Hohenfels-Liggersdorf – Abteilungskommandant Ralf Sigmund konnte bei der Generalversammlung der Feuerwehrabteilung Liggersdorf mit einem gewissen Stolz auf 23 Einsätze im Jahr 2018 zurückblicken. Dabei handelte es sich um ein breites Spektrum von Notfällen, die von umgestürzten Bäumen über Fehlalarme bis hin zu Einsätzen bei Unfällen reichten. Daneben gab es natürlich auch Einsätze bei Bränden. Auch hier gab es die verschiedensten Anforderungen. Vom Grasflächenbrand im Naturschutzgebiet über brennende Maschinen, wie eine Rundballenpresse, die sich entzündet hatte.

Die Aufgaben der Feuerwehr heutzutage sind so verschieden wie das Leben, drückte es Gemeinderat Anton Arnold aus, der an diesem Abend Bürgermeister Florian Zindeler vertrat. Arnold verband dies mit der Hoffnung, dass sich noch etliche junge Menschen bei der Freiwilligen Feuerwehr ehrenamtlich engagieren.

Diesen Wunsch äußerte auch Abteilungskommandant Ralf Sigmund, als er die Ehrungen vornahm. Karl Braunwart wurde für 40 Jahre Dienst mit einer Urkunde bedacht, die von Innenminister Thomas Strobl unterschrieben ist. Alle Geehrten seien im Schnitt bei 90 Prozent aller Einsätze zum Feuerwehrdienst angetreten.

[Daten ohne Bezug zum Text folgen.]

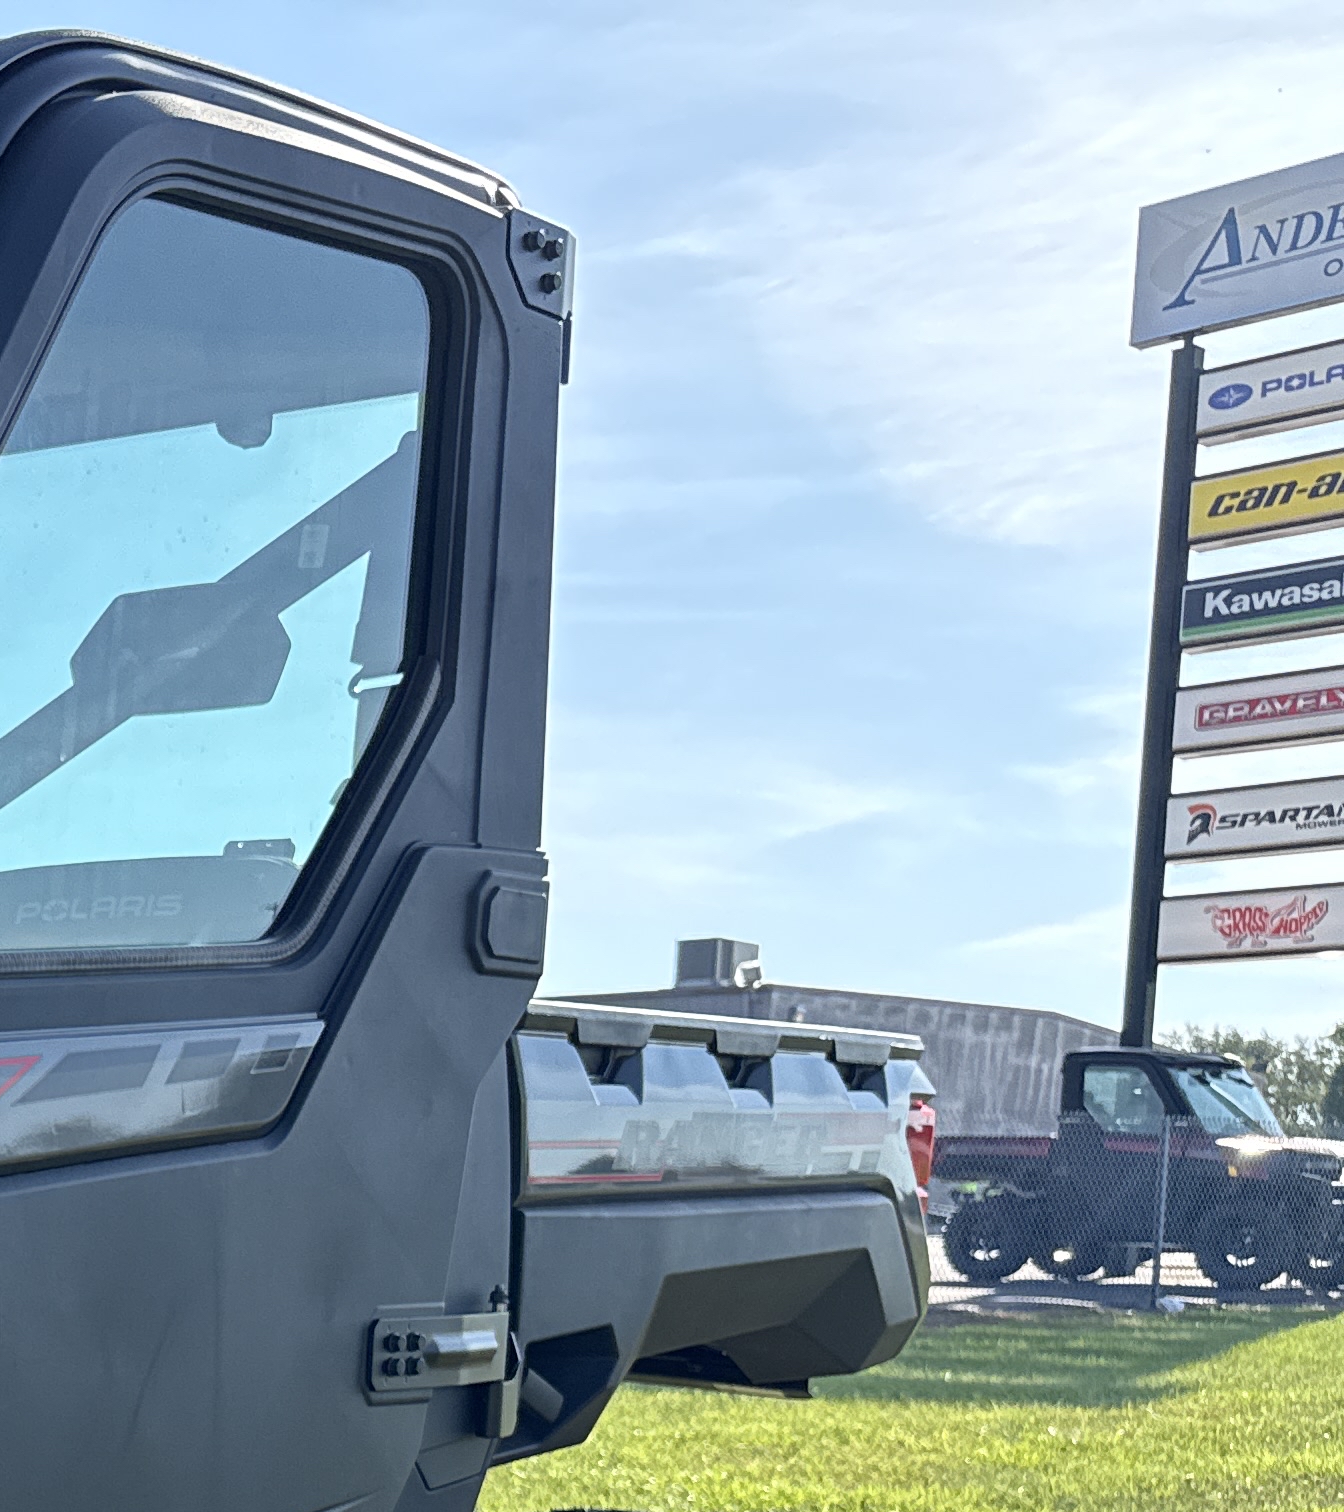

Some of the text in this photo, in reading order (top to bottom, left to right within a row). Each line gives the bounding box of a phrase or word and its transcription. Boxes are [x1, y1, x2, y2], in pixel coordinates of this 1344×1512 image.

[1207, 471, 1344, 518] can-a
[1204, 573, 1344, 618] Kawasa
[15, 893, 183, 925] POLARIS

Das sei eine beachtliche Leistung bei ehrenamtlichen Tätigkeiten, merkte Gemeinderat Anton Arnold an. Bei den Wahlen für den Vorstand wurde der gesamte Vorstand für weiter fünf Jahre im Amt bestätigt. Nur Markus Lohr gab nach mehr als 20 Jahren sein Amt ab, um jüngeren Mitgliedern eine Chance zu geben. An seiner Stelle wurden Stefan Wegmann, Michael Beil und Andreas Lorenz für fünf Jahre in den Ausschuss gewählt.

Die Zahl der wahlberechtigten Feuerwehrleute in der Abteilung Liggersdorf, die auch die Ortsteile Kalkofen und Selgetsweiler einschließt, ist inzwischen auf 35 angewachsen. Abteilungskommandant Ralf Sigmund erklärte, dass die Probe deshalb zukünftig in zwei Gruppen stattfinde. Diese Proben fänden aber gleichzeitig mit verschiedenen Aufgaben statt.